I do think that humans can in fact launch to Mars in 2028, all of these technology issues can be solved in the next four years, but in order to do that, we need to work on it as soon as possible. More likely is a 2030s human trip to Mars. 

A final note on the rover, when studying the Apollo missions, the first three landing missions, Apollo 11, 12, and 14 did not have a rover and only covered a few miles walking on foot. Apollo 15, 16, and 17 covered 10s of miles of ground and did excellent science while on the surface of the Moon. Going to Mars without a rover is foolish. And going with only an open buggy style rover is slightly better, but still short sighted. A human can only do a space walk for in the neighborhood of 8 hours, and then there are issues like eating, getting tired, having a bowel movement, and even sleeping. The oxygen and carbon dioxide part is the easy part to solve. If we assume that a Mars space suit is very flexible and an astronaut will be able to do 2 miles per hour, that's a maximum radius of 8 miles that a person could walk. That's wildly optimistic, on Apollo 14 the astronauts struggled to walk about one mile away from the LEM before struggling with navigation and not being able to see the LEM. Similarly on an open buggy with a top speed of 20 kilometers per hour (12 miles per hour) would be able to cover more ground, but that has to be traded with the possibility that the buggy breaks down and the astronauts have to walk back to the habitat. On Apollo 17 the furthest that the two astronauts drove the lunar buggy was about 5 miles away from the LEM, so that worst case they could hike back to the lander.
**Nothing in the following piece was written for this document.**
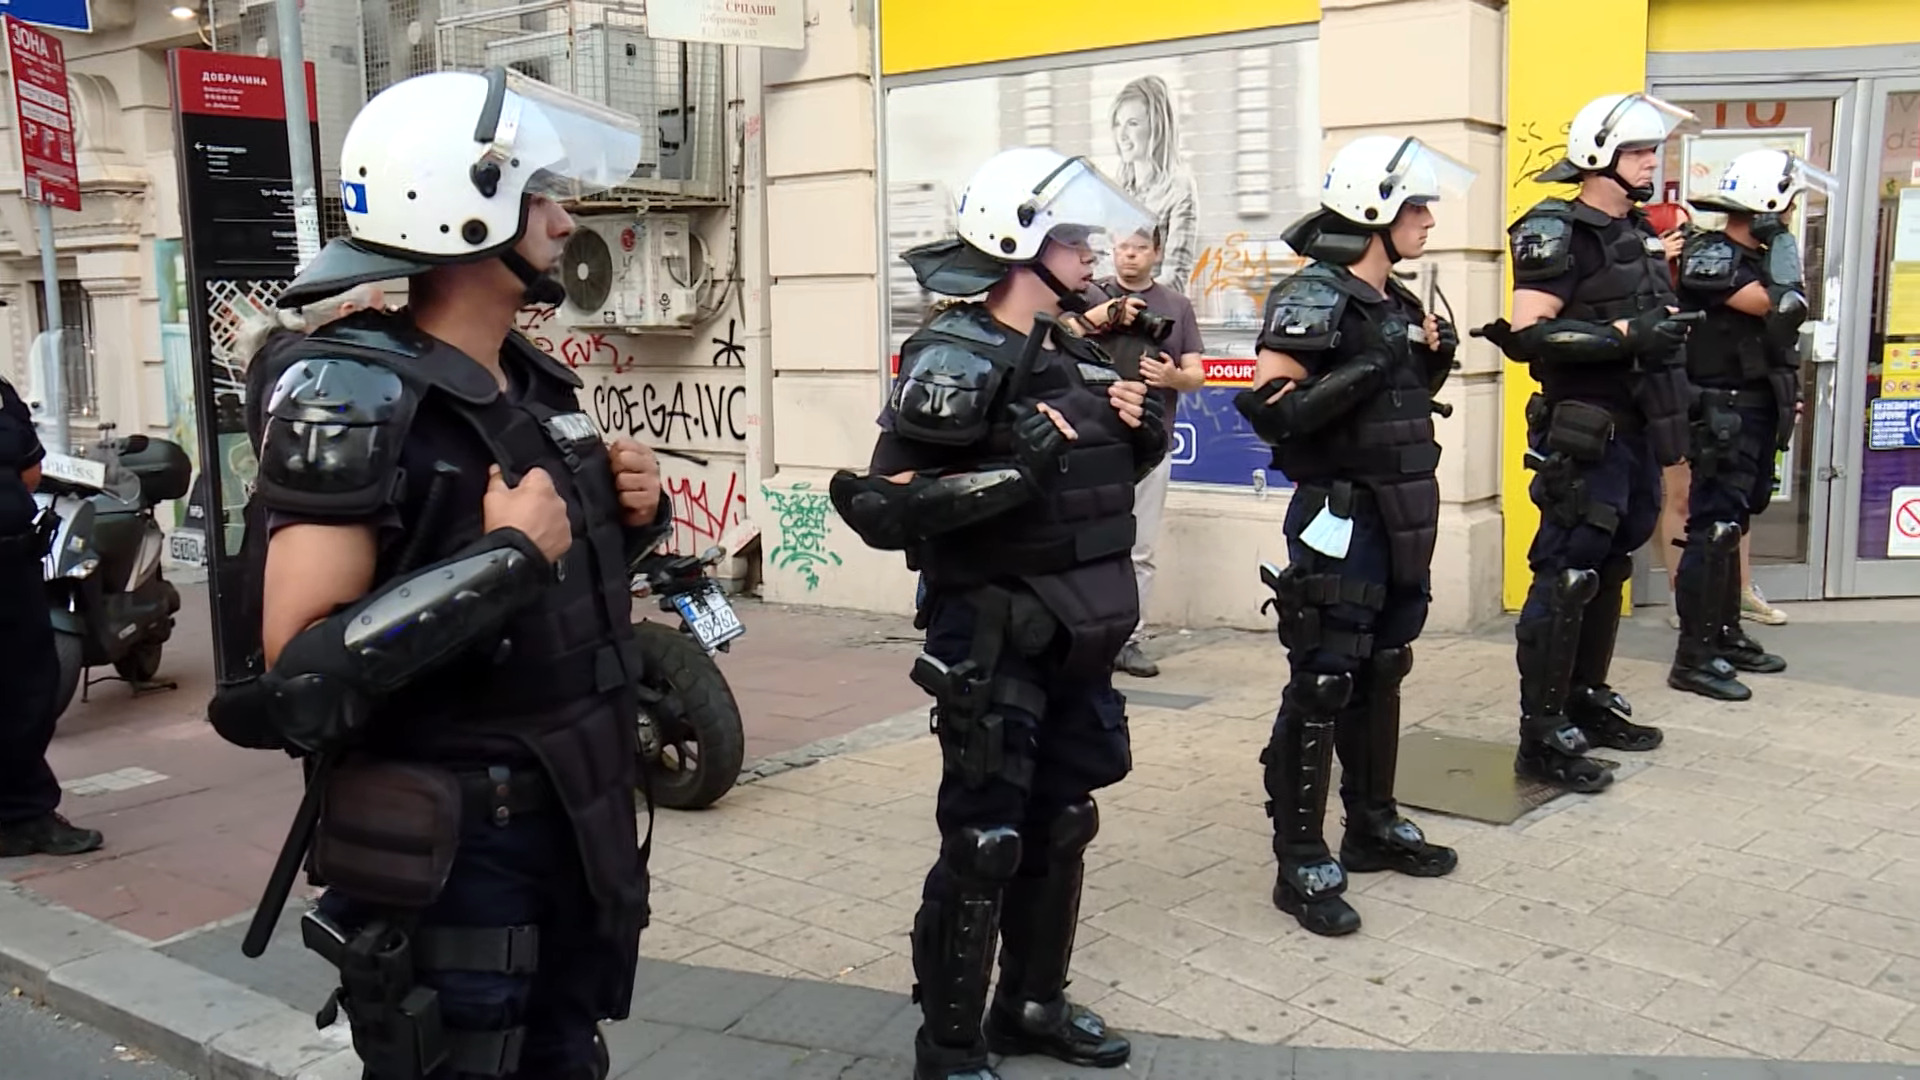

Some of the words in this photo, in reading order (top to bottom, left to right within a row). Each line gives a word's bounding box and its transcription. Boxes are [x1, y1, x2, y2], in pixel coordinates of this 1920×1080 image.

[10, 23, 49, 58] ЗОНА
[55, 45, 62, 64] 1
[202, 71, 267, 86] ДОБРАЧИНА
Two buggies would provide redundancy, but also add quite a bit of mass. Also, for people that have not done much off roading, there isn't much point in going a lot faster than those speeds, you're going to be bouncing all over the place even at those slow speeds. The point of all this is to say, without a pressurized rover, you would essentially be stuck on a deserted island without the capability to explore much more than maybe 10 miles in any direction, which over 15 months is somewhat limiting.
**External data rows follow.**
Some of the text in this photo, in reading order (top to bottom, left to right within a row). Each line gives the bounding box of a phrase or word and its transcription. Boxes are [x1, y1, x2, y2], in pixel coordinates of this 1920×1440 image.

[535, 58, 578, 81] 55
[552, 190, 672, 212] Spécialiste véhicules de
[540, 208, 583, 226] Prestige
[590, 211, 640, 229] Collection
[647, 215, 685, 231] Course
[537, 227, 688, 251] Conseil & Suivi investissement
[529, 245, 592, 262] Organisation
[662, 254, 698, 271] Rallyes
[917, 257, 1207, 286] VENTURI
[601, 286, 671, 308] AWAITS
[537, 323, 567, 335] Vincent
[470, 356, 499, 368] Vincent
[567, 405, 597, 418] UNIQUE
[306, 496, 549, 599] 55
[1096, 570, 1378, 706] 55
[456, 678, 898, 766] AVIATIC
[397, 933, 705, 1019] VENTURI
Back to racing Ultramarathons!

 It's been a long time. The last time I raced an ultramarathon was September 2018, the IAU 100 km world championships in Croatia. I had a pulmonary embolism at the time, and didn't know it, so I basically ran 10:00 pace, had an average heart rate of 180 beats per minute, and after 4.5 hours, called it quits as I was getting lapped on the 10 km circuit. Then in the spring of 2019 I broke my ankle in two places and partially tore two ligaments. While I started to recover from that injury, and did a couple 40 mile trail runs, ultimately my ankle wasn't really healing, and in the winter of 2021-2022 it got to the point I could not run 3-4 miles without ankle pain. I didn't know if I would ever run long distances again. So in April 2022 I had a stem cell procedure where bone marrow was taken out of my hips, centrifuged to get the step cells, and they were injected into my ankle bones and ligaments. The recovery was hard, and it really took about 8 months before I started to feel actually better from it, but I did start to feel better.

2023 I gradually felt better and on a trip to Seattle in September I went for a 12 mile run, the first that long in over a year. It felt good, so when I stumbled into free entry for the Boulderthon half marathon in October 2023, I thought, 'hey, why not go run a half marathon and see what happens?' I ran 1:37, which while not fast by any means, it was a huge improvement from where I had been the past few years. I've never ran the Boston Marathon, and it's one of the things that still motivates me, so I decided to try and go qualify for it. I registered for the Napa Valley Marathon in March, and while I was on 3:00 pace for about 16 miles, I fell off and hit the wall, coming in at like 3:24. So I registered for another marathon, the Revel Rockies downhill marathon in June, and managed to run 3:01:00, getting 4:00 under my qualifying time, however the criteria to get in to Boston in 2025 was to be 6:52 under your qualifying time, so I didn't get into Boston. But it gave me a lot of confidence.

So I registered for the Fat Ox 24 hour USATF national championship in November this year. If I won, and ran 145 miles, I would get entry to the 2025 world championships. The two times I've gone to the world championships, once I had a stress fracture and then had whole body cramps, and the other time I had the pulmonary embolism. I'm a good runner, I have this talent that God gave me, and I don't feel that I've really had the chance to show that on a big stage. 

The Fat Ox 24 went really well! I set a speed limit for myself of 8:30 per mile, and only had a few laps faster than that. I drank a lot of Maurten, gatorade and electrolyte drink, and didn't hit the wall until 110 miles. I did slow down in the heat of the afternoon, and fell off my goal pace of 150 miles, but I was doing well. After my 2:30 AM hitting the wall, I was able to get back out there and keep going to ultimately get 125 miles, and 3rd place for the men, and 6th place overall. While not the top end goal I had for the race, it was really exciting to be back, and run something like that with essentially no pain. Or at least, not the ankle pain that I battled for several years after my skiing accident in 2019. 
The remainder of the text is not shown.